(Beginning of RECORD EXTRACTS)

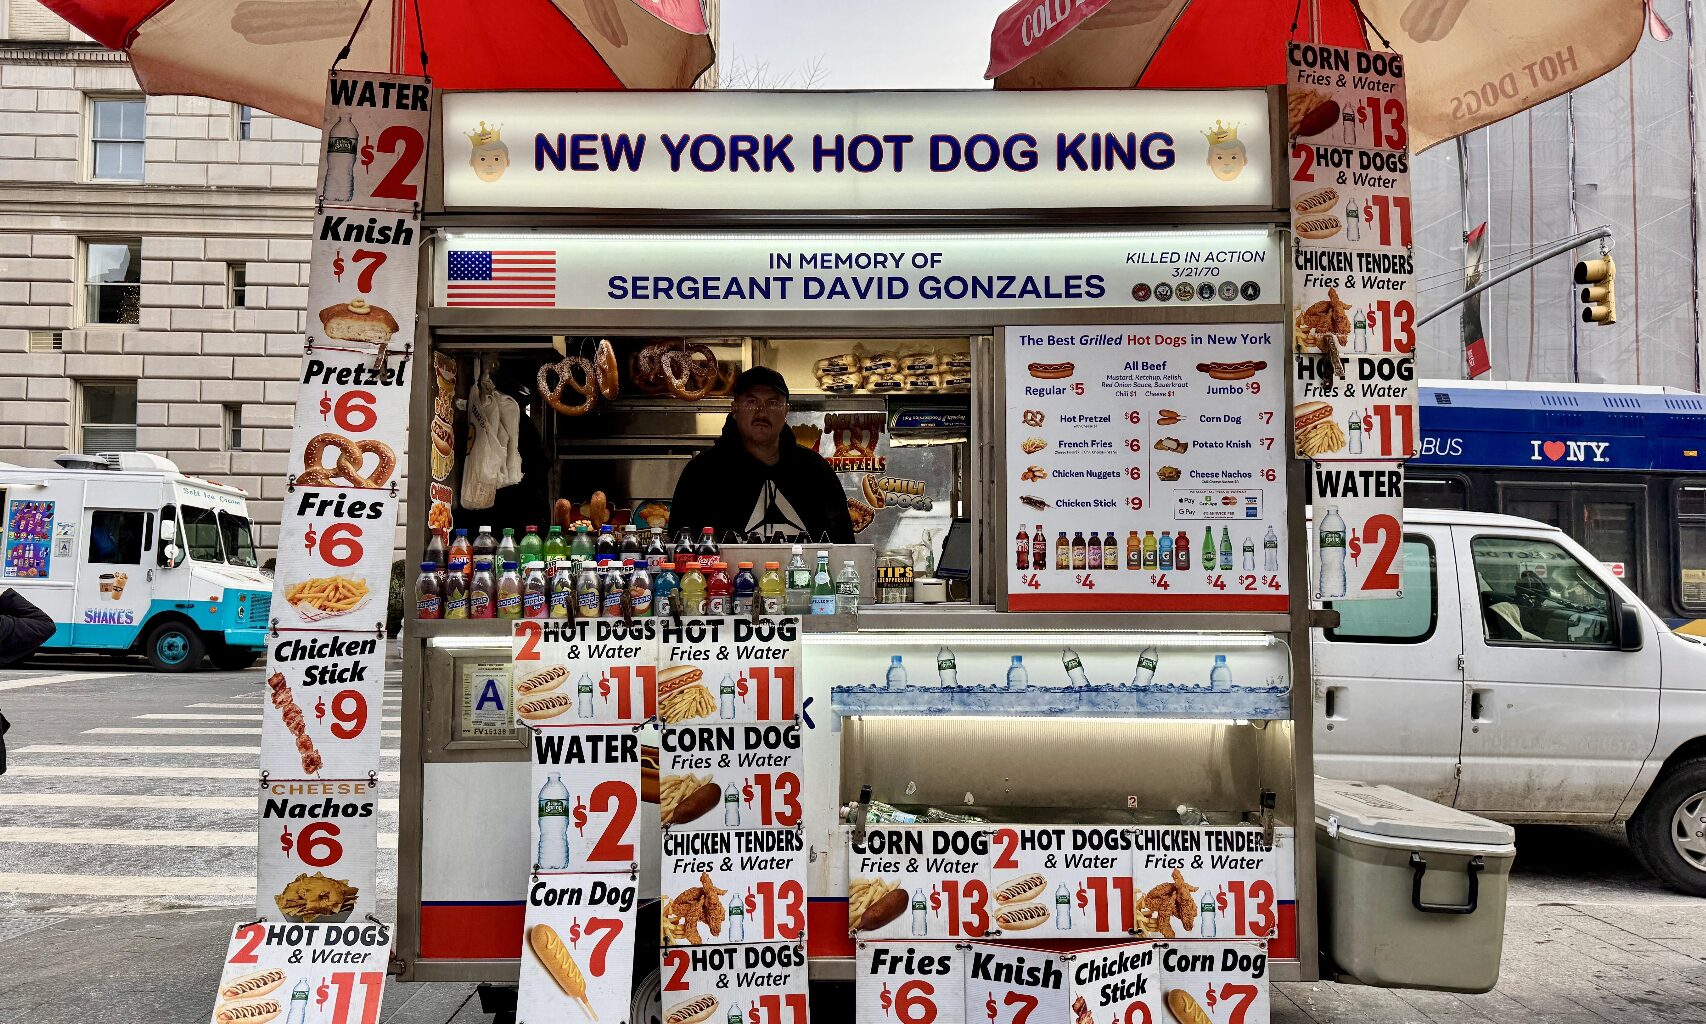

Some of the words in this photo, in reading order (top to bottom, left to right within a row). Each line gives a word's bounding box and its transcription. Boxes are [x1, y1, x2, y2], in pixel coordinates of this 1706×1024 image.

[1289, 44, 1349, 72] CORN
[1357, 52, 1403, 78] DOG
[330, 79, 429, 111] WATER
[1298, 70, 1330, 86] Fries
[1336, 74, 1347, 87] &
[1353, 76, 1395, 93] Water
[1357, 97, 1406, 150] $13
[360, 125, 424, 200] $2
[534, 132, 646, 172] NEW
[661, 133, 795, 173] YORK
[812, 133, 913, 173] HOT
[930, 133, 1038, 172] DOG
[1056, 131, 1175, 172] KING
[1292, 144, 1315, 182] 2
[1316, 147, 1353, 168] HOT
[1359, 151, 1408, 173] DOGS
[320, 216, 414, 245] Knish
[1363, 195, 1412, 246] $11
[769, 253, 791, 269] IN
[800, 253, 905, 269] MEMORY
[911, 252, 943, 269] OF
[1126, 252, 1181, 264] KILLED
[1185, 251, 1201, 264] IN
[1204, 250, 1266, 263] ACTION
[1295, 251, 1353, 272] CHICKEN
[1357, 253, 1414, 275] TENDERS
[333, 249, 387, 293] $7
[1172, 266, 1220, 277] 3/21/70
[607, 276, 793, 300] SERGEANT
[803, 276, 908, 300] DAVID
[918, 274, 1105, 299] GONZALES
[1367, 300, 1415, 353] $13
[1019, 335, 1044, 346] The
[1047, 335, 1075, 346] Best
[1079, 334, 1122, 346] Grilled
[1127, 334, 1150, 345] Hot
[1155, 334, 1187, 348] Dogs
[1191, 334, 1203, 345] in
[1207, 334, 1238, 345] New
[1241, 333, 1271, 345] York
[303, 359, 405, 387] Pretzel
[1123, 361, 1140, 371] All
[1143, 361, 1167, 371] Beef
[1025, 386, 1066, 397] Regular
[1069, 382, 1085, 396] $5
[1206, 385, 1243, 396] Jumbo
[1245, 382, 1261, 395] $9
[320, 390, 377, 432] $6
[1060, 414, 1077, 423] Hot
[1079, 413, 1111, 423] Pretzel
[1124, 411, 1140, 424] $6
[1199, 414, 1221, 423] Corn
[1224, 414, 1241, 425] Dog
[1258, 412, 1274, 424] $7
[1058, 440, 1087, 449] French
[1091, 440, 1113, 448] Fries
[1124, 438, 1140, 452] $6
[1192, 440, 1222, 448] Potato
[1225, 440, 1251, 449] Knish
[1259, 438, 1274, 451] $7
[1531, 441, 1542, 461] I
[879, 477, 925, 494] CHILI
[1052, 469, 1084, 478] Chicken
[1086, 469, 1121, 481] Nuggets
[1124, 467, 1140, 480] $6
[1189, 470, 1218, 479] Cheese
[1221, 470, 1252, 479] Nachos
[1260, 469, 1276, 482] $6
[1316, 471, 1401, 498] WATER
[297, 492, 384, 519] Fries
[885, 493, 933, 511] DOGS
[1055, 499, 1088, 508] Chicken
[1090, 499, 1117, 508] Stick
[1125, 497, 1142, 510] $9
[304, 523, 363, 567] $6
[1349, 514, 1401, 591] $2
[877, 566, 914, 579] TIPS
[1021, 574, 1041, 590] $4
[1075, 574, 1095, 590] $4
[1150, 574, 1170, 590] $4
[1206, 574, 1226, 590] $4
[1238, 574, 1257, 590] $2
[1262, 574, 1281, 590] $4
[84, 608, 134, 625] SHAKES
[514, 620, 542, 660] 2
[543, 621, 589, 642] HOT
[597, 619, 656, 641] DOGS
[662, 619, 724, 644] HOT
[734, 618, 797, 643] DOG
[274, 635, 376, 662] Chicken
[567, 645, 581, 659] &
[587, 644, 641, 660] Water
[302, 661, 368, 687] Stick
[475, 680, 504, 711] A
[599, 666, 656, 719] $11
[736, 666, 795, 721] $11
[315, 689, 367, 740] $9
[535, 734, 639, 765] WATER
[661, 726, 734, 753] CORN
[744, 724, 800, 751] DOG
[272, 783, 366, 796] CHEESE
[742, 771, 802, 826] $13
[263, 799, 373, 819] Nachos
[573, 780, 638, 861] $2
[280, 822, 343, 867] $6
[932, 830, 988, 856] DOG
[993, 828, 1019, 869] 2
[1021, 829, 1065, 851] HOT
[1072, 829, 1132, 851] DOGS
[530, 881, 582, 907] Corn
[589, 882, 636, 912] Dog
[930, 879, 990, 938] $13
[1076, 877, 1133, 932] $11
[228, 923, 266, 964] 2
[266, 925, 321, 947] HOT
[324, 924, 390, 947] DOGS
[288, 949, 304, 964] &
[310, 948, 371, 965] Water
[570, 916, 624, 977] $7
[870, 948, 952, 976] Fries
[971, 951, 1063, 990] Knish
[1163, 949, 1214, 972] Corn
[1221, 949, 1266, 978] Dog
[317, 972, 384, 1024] $11
[880, 980, 937, 1024] $6
[986, 990, 1038, 1024] $7
[1206, 982, 1258, 1024] $7
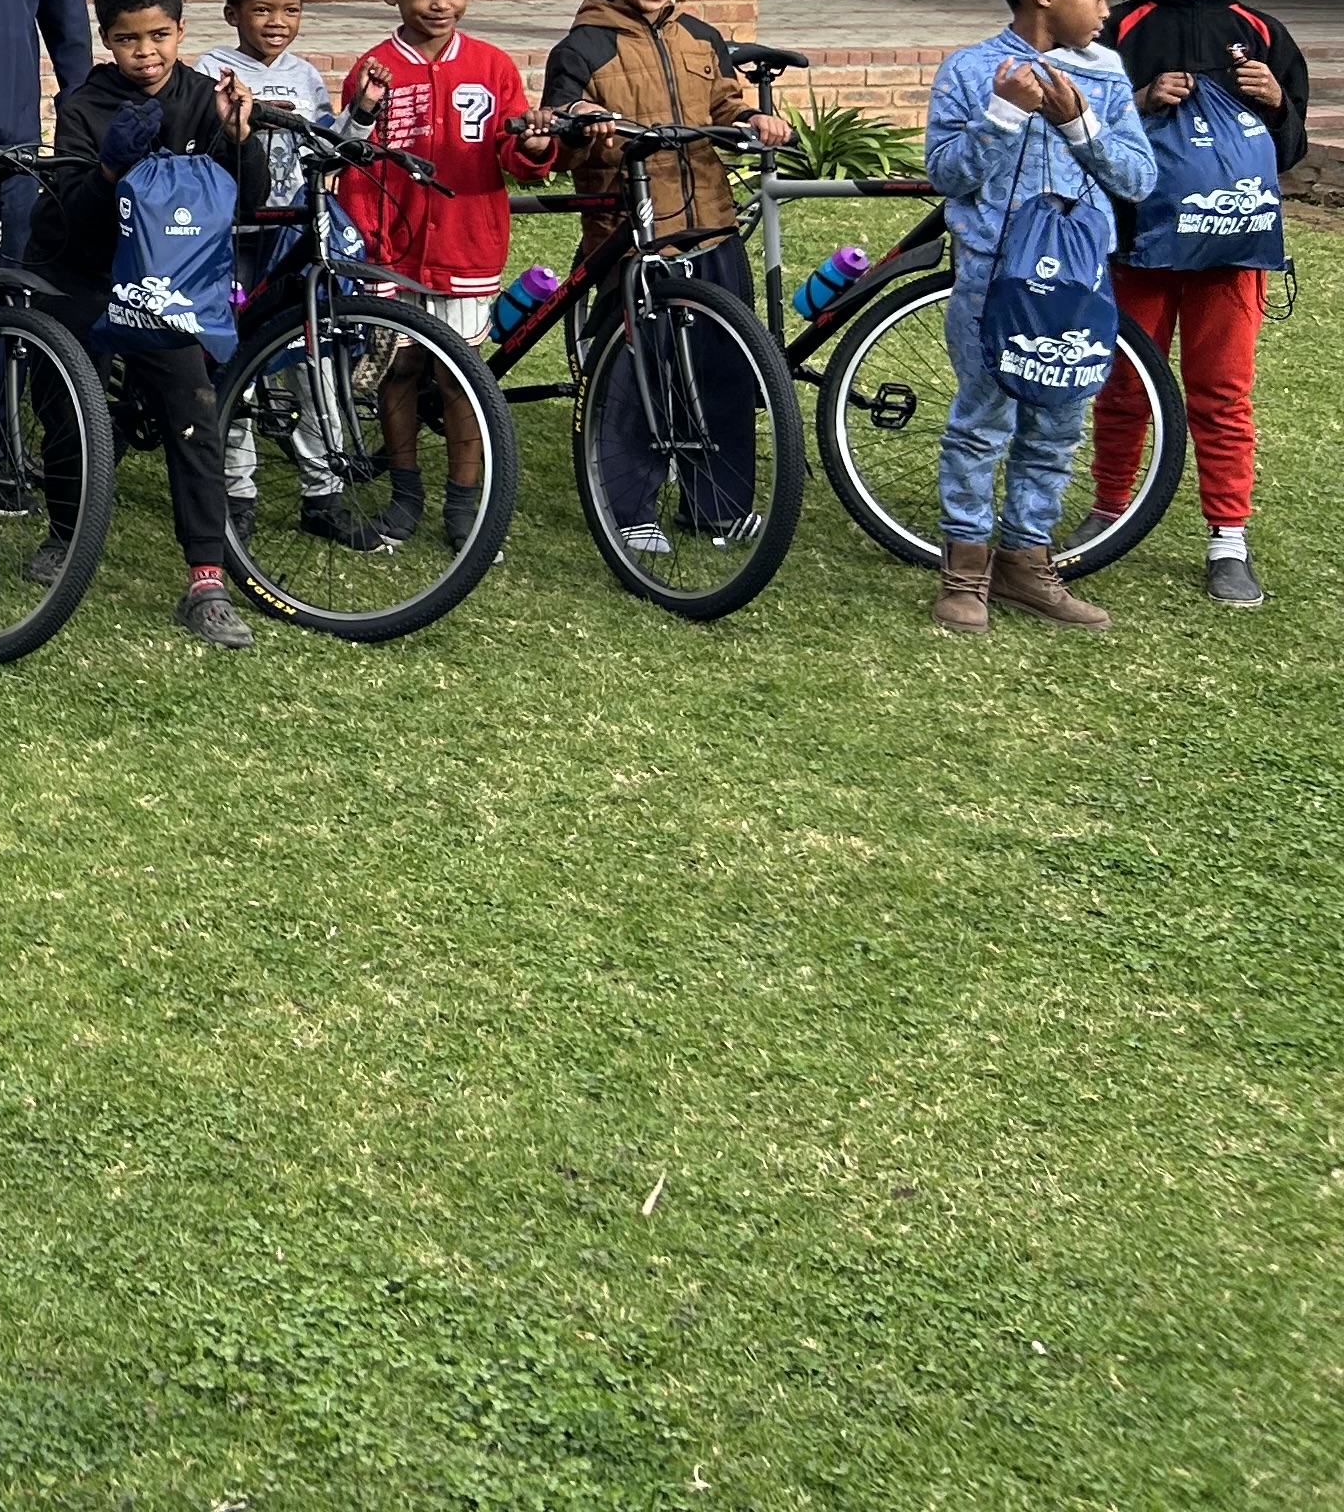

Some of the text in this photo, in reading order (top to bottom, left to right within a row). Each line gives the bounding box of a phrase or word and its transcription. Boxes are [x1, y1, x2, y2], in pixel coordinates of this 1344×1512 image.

[165, 226, 202, 236] LIBERTY
[1200, 211, 1277, 235] CYCLE TOUR
[124, 307, 205, 334] CYCLE TOUR
[1023, 358, 1073, 387] CYCLE
[574, 375, 588, 433] KENDA
[246, 577, 298, 616] KENDA
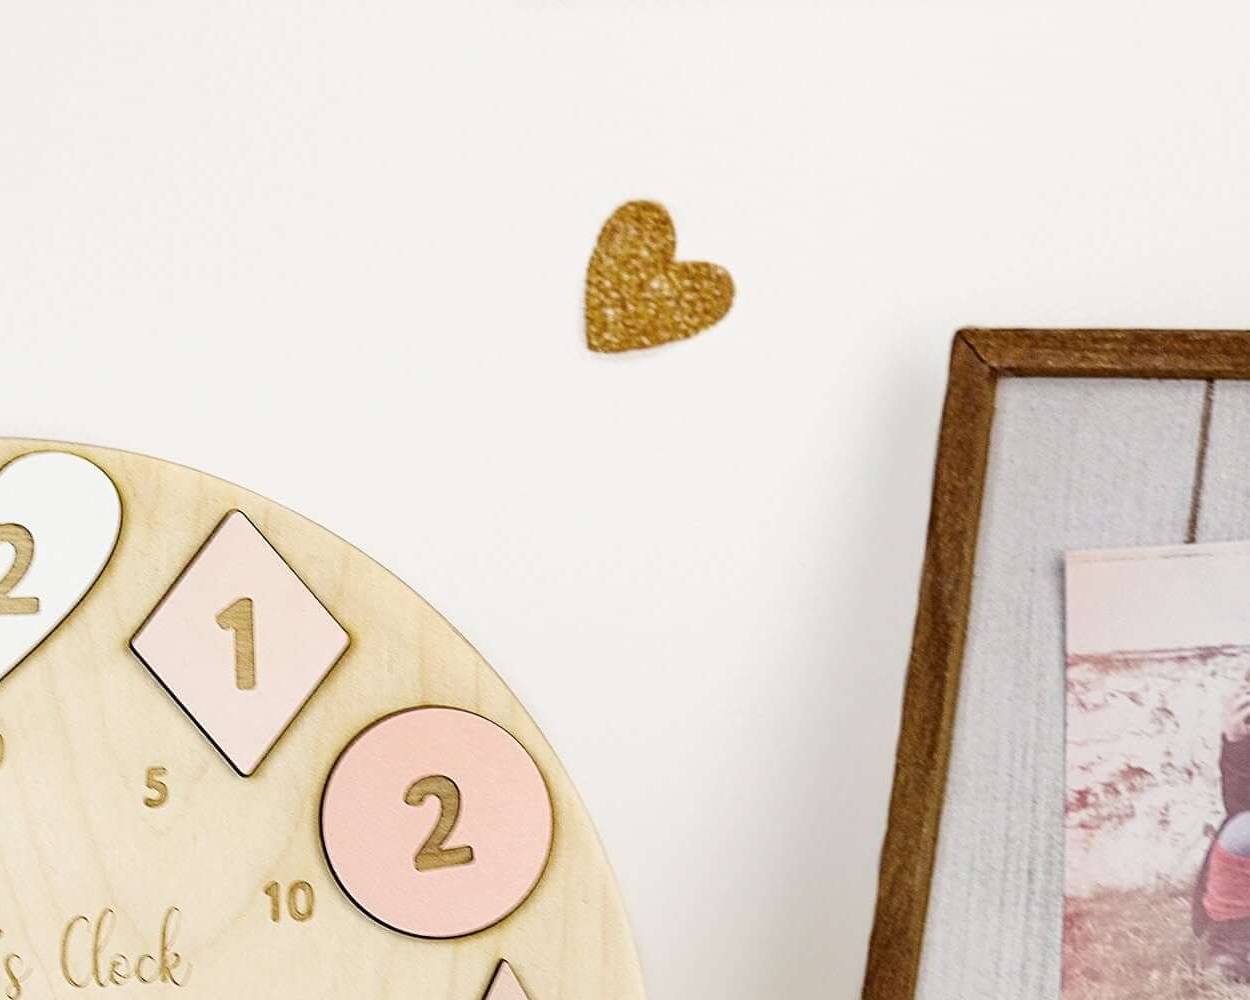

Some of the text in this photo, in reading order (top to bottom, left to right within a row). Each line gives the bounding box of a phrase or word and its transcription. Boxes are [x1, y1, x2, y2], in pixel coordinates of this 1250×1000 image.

[215, 597, 256, 690] 1
[143, 767, 168, 808] 5
[403, 774, 475, 872] 2
[263, 880, 315, 923] 10
[59, 905, 193, 989] Clock
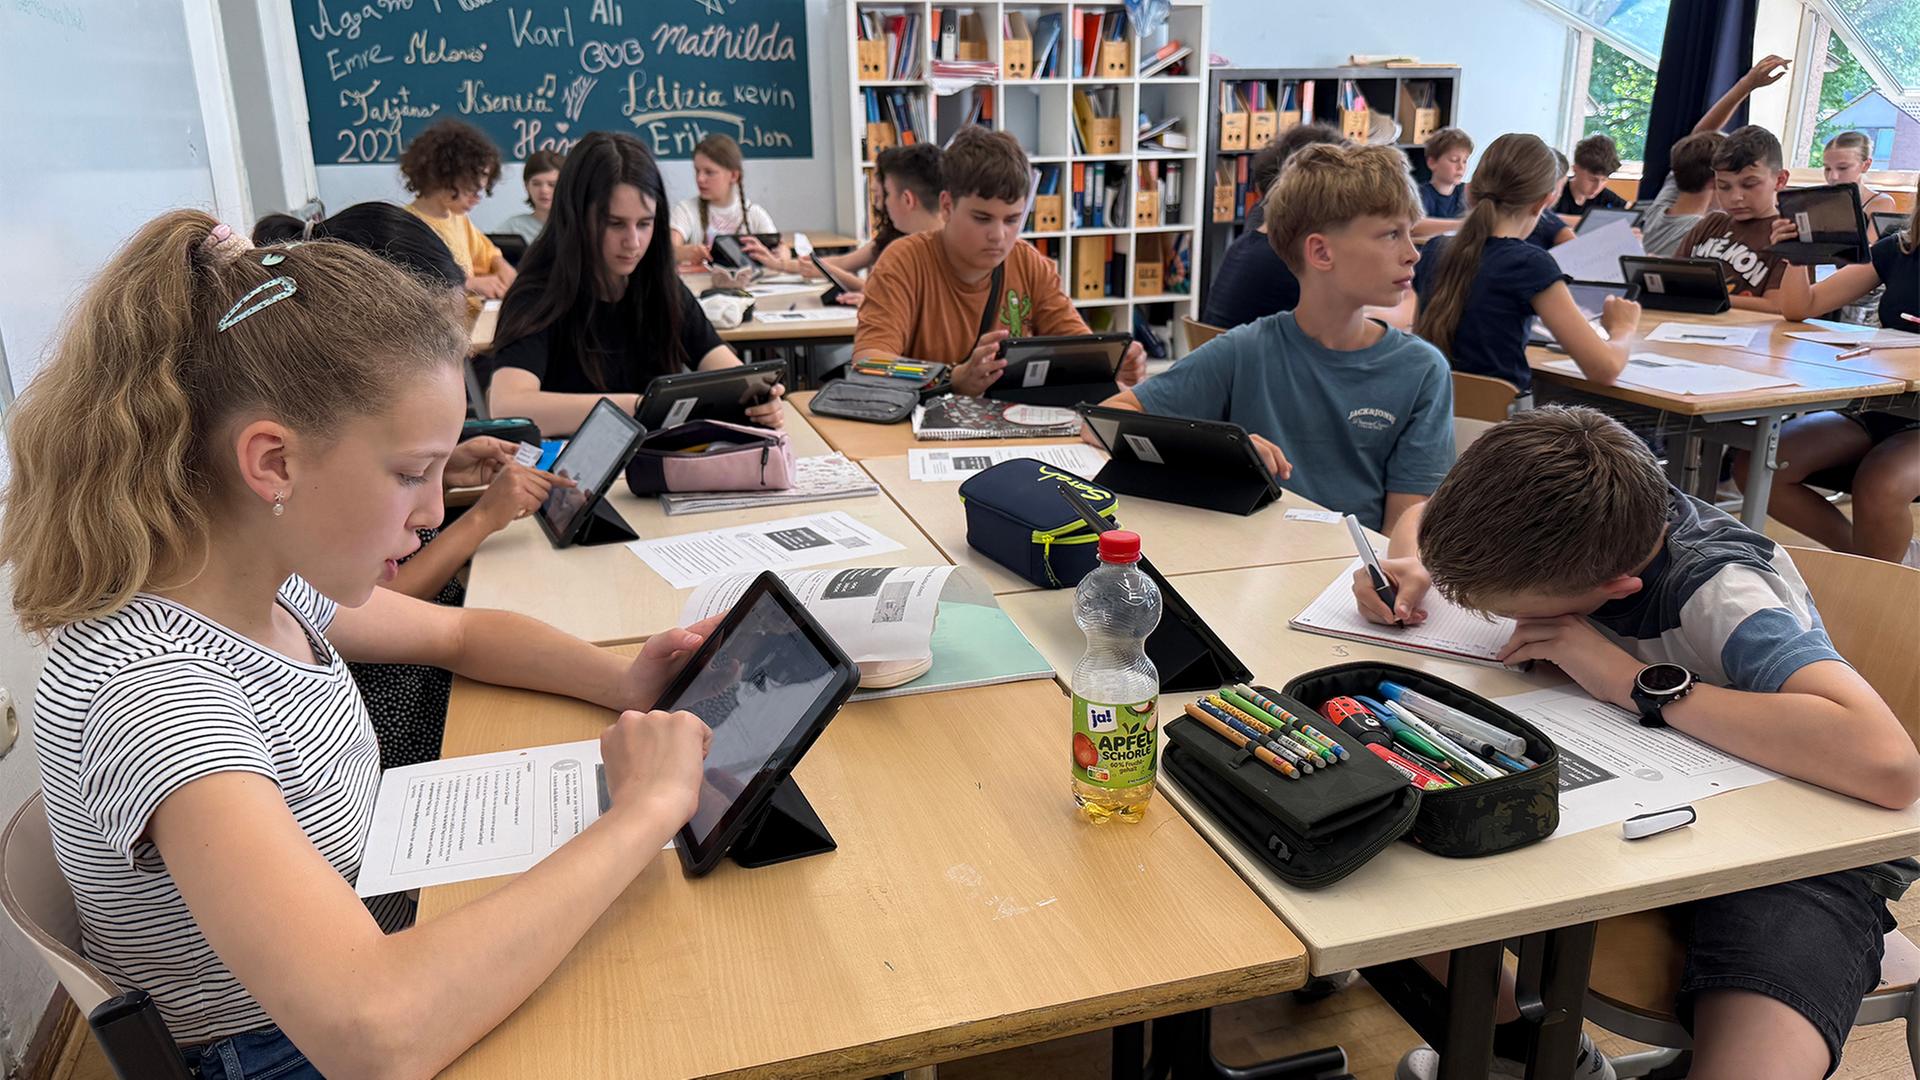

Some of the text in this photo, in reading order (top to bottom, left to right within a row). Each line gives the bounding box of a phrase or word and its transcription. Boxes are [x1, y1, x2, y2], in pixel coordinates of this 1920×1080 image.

(End of RECORD EXTRACTS)

EXERCISE DIRECTIONS. Your output should consist solely of the lines from the line containing "this 1250×1000 image." through the end of the data above, copied exactly, with images removed.

SOLVED EXERCISE.
Some of the text in this photo, in reading order (top to bottom, left to right within a row). Each line gives the bounding box of a phrase or word and its transcription. Boxes are [x1, y1, x2, y2], in pixel coordinates of this 1250×1000 image.

[215, 597, 256, 690] 1
[143, 767, 168, 808] 5
[403, 774, 475, 872] 2
[263, 880, 315, 923] 10
[59, 905, 193, 989] Clock

Some of the text in this photo, in reading order (top to bottom, left to right within a row). Each line gives the bounding box of a phrase or word and its transcription. Boxes are [x1, y1, x2, y2], in pixel coordinates of this 1920×1080 image.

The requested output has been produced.